St. Etienne Cathedral
And the Prince of Peace Choir
Our first Sunday, I think we’ve found our new church home. English service starts at 8:30 am, Kinyarwanda service follows afterwards.
This week Pastor Sam Mugisha preached and Pastor Adriaan Verwijs read scriptures and made announcements. They began with some of our favorite contemporary worship songs – Blessed Be Your Name – along with the very lively and young Prince of Peace Choir.
Our friend Diana sings, and I love this guy Eddie who sings and plays the keys (I have another favorite Eddie that played keyboard at Tech, so I like new Eddie all the more). This choir and band is very talented – apparently they travel and do appearances that pay, which makes it possible for them to travel and perform at orphanages and other pro bono concerts.
Between worship songs, Adriaan read scripture as the band played softly, and the scripture connected the meaning of the previous song with that of the next, and it was all rather beautiful. Formal scripture was read from the lectern after the contemporary music and then we sang some hymns.
I think Adriaan and Sam will be friends. Adriaan and his wife Lisette took us to an expatriate Bible study that afternoon, and just yesterday evening Sam dropped by our porch to visit and welcome us again. Sam invited us over to his home with his wife Jackie and 3-year-old Iris.
Sam is 38, Rwandan, and along with marrying about 3 couples a weekend plus funerals and baptisms, he is excited about another degree in business administration. Sam hopes to expand his ministry into something more, something that engages people outside of church walls and enters into a public context: education related, young people, professional people, microfinance maybe.
Adriaan is Dutch, and he and Lisette have served the Anglican Church in Columbia and the last 4 years here in Rwanda (and also in Holland). Adriaan speaks Kinyarwanda very well. They have two boys in school at the Rift Valley Academy in Kenya, and one boy in university in Holland.

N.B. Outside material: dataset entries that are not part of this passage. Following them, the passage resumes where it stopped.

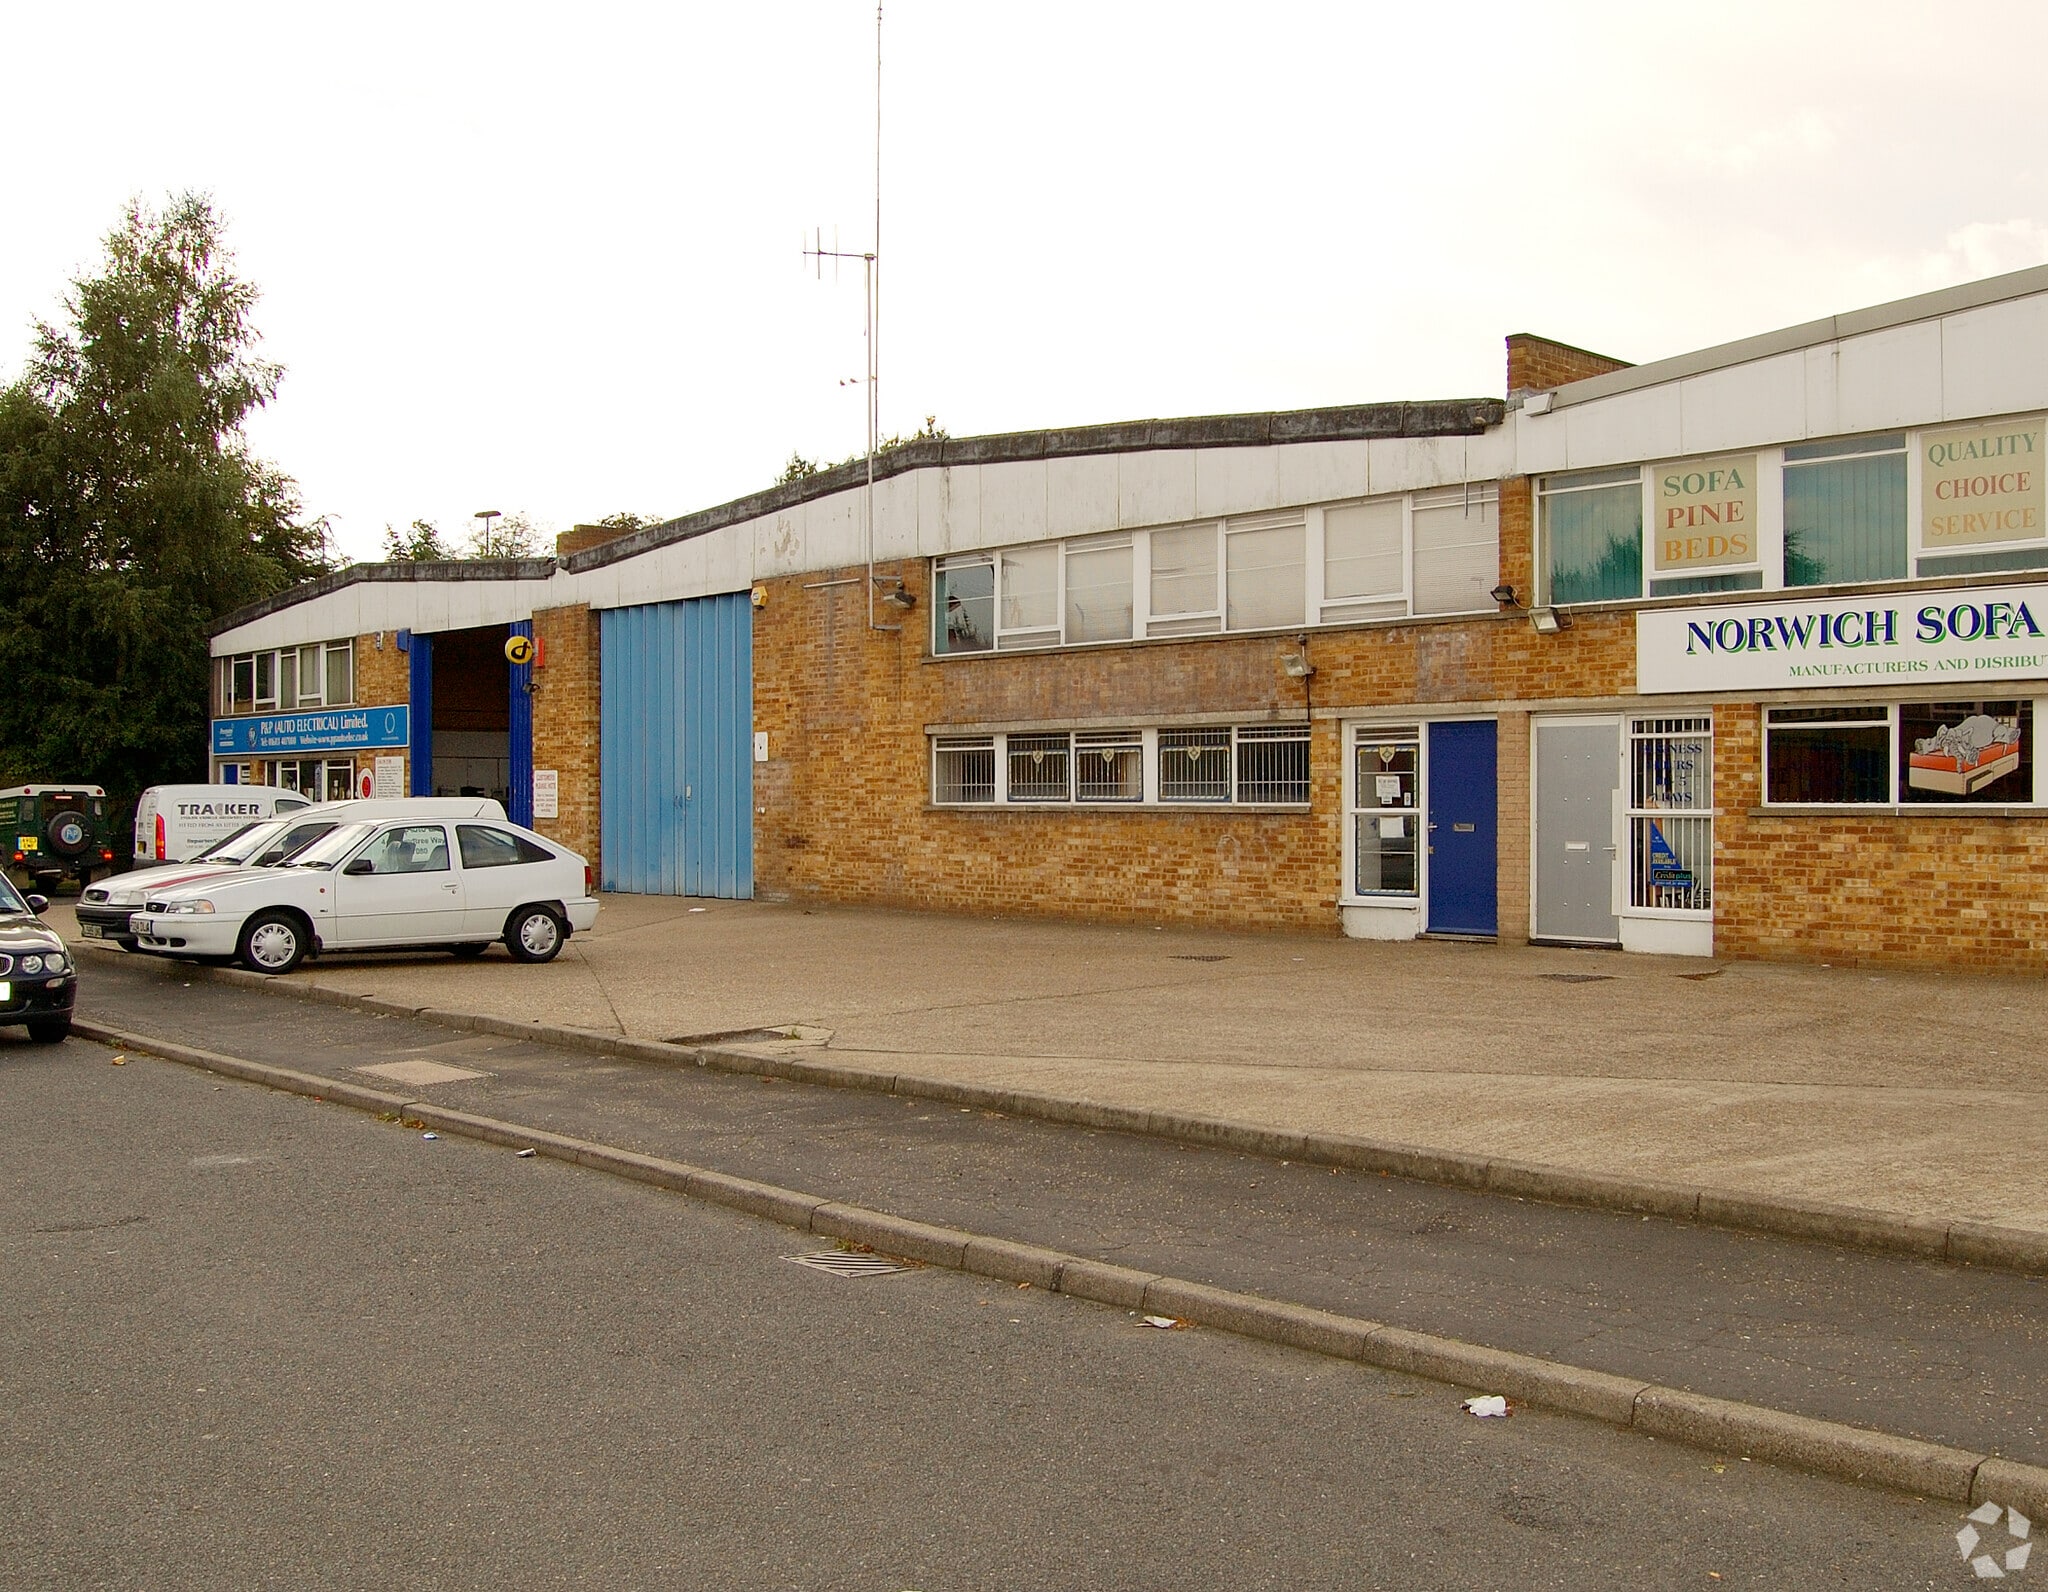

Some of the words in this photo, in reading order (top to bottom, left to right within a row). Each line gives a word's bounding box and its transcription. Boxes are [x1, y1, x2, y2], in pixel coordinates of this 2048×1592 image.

[1928, 432, 2037, 467] QUALITY
[1663, 468, 1745, 497] SOFA
[1935, 471, 2031, 500] CHOICE
[1666, 500, 1744, 529] PINE
[1930, 507, 2036, 537] SERVICE
[1664, 534, 1748, 561] BEDS
[1685, 608, 1898, 656] NORWICH
[1915, 600, 2046, 642] SOFA
[1789, 659, 1928, 678] MANUFACTURERS
[1933, 656, 1969, 671] AND
[178, 803, 260, 815] TRACKER
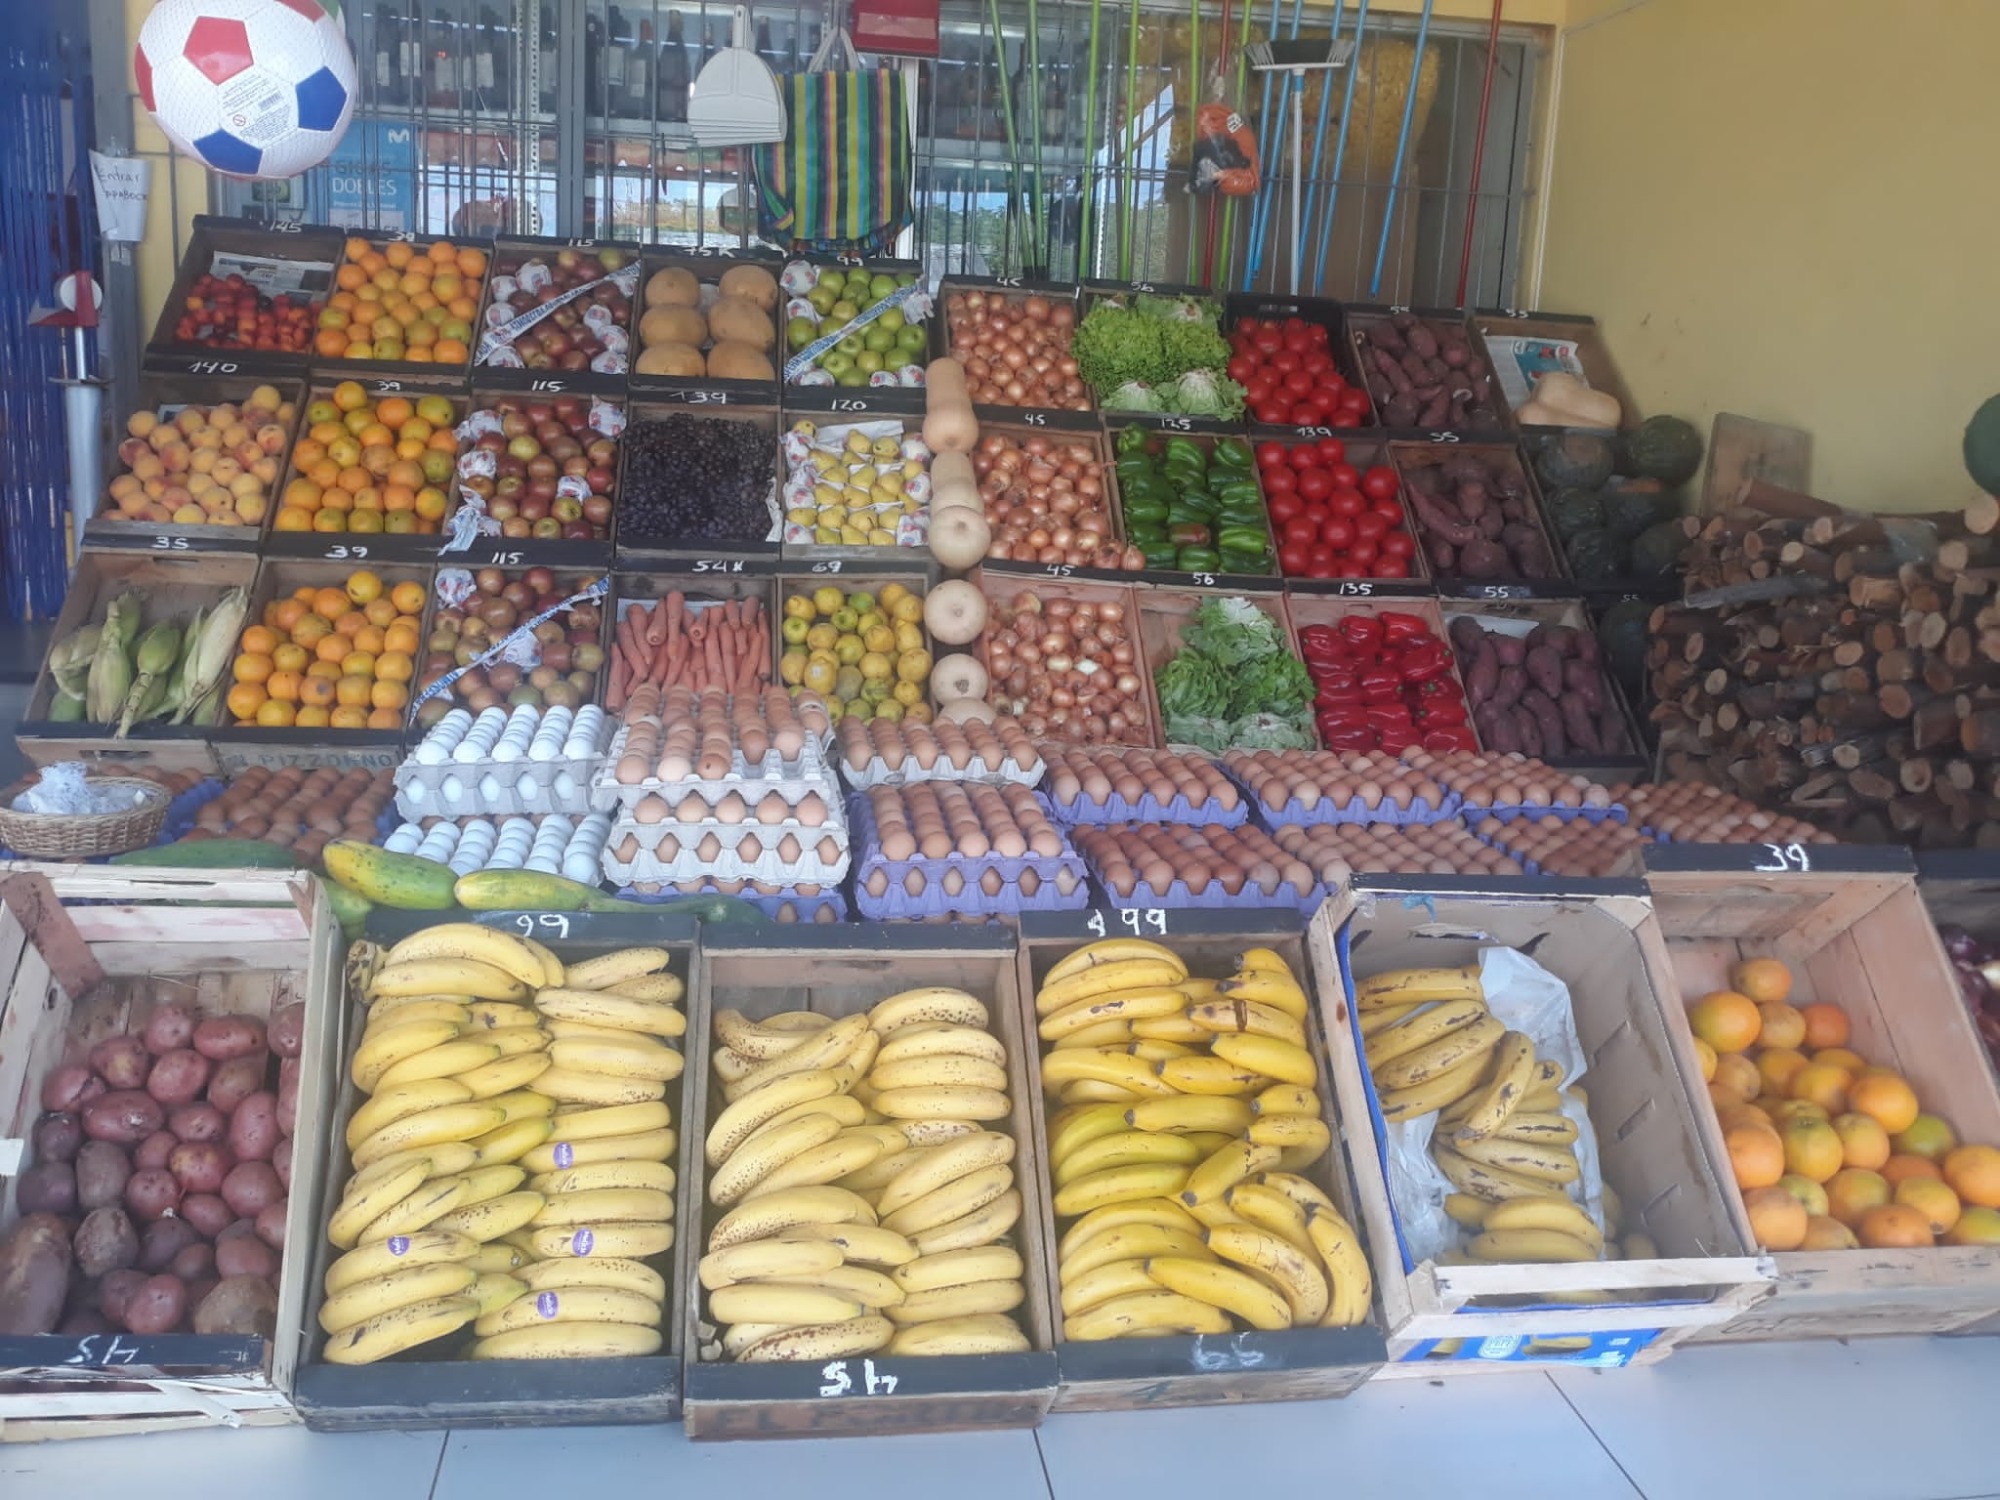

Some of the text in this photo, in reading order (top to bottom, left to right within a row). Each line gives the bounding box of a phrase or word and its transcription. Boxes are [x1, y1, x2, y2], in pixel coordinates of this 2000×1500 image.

One church we look forward to visiting:
Congregation of the Blessed Mango Tree
And the God Help Us Choir
Reverend Nathan Amoti, Administrator for the Kigali Diocese and a very funny man, asked the Archbishop – who is also Bishop of Kigali – for permission to start a new church. Nathan wanted a new church building. His grace, the Archbishop, was more than happy to endorse a new church, but why start with a mortgage. His grace recommended beginning the new church under a mango tree. Rev. Nathan actually liked that suggestion, so that’s what he did. I’m not sure how good the God Help Us Choir is, but I think they have their theology right.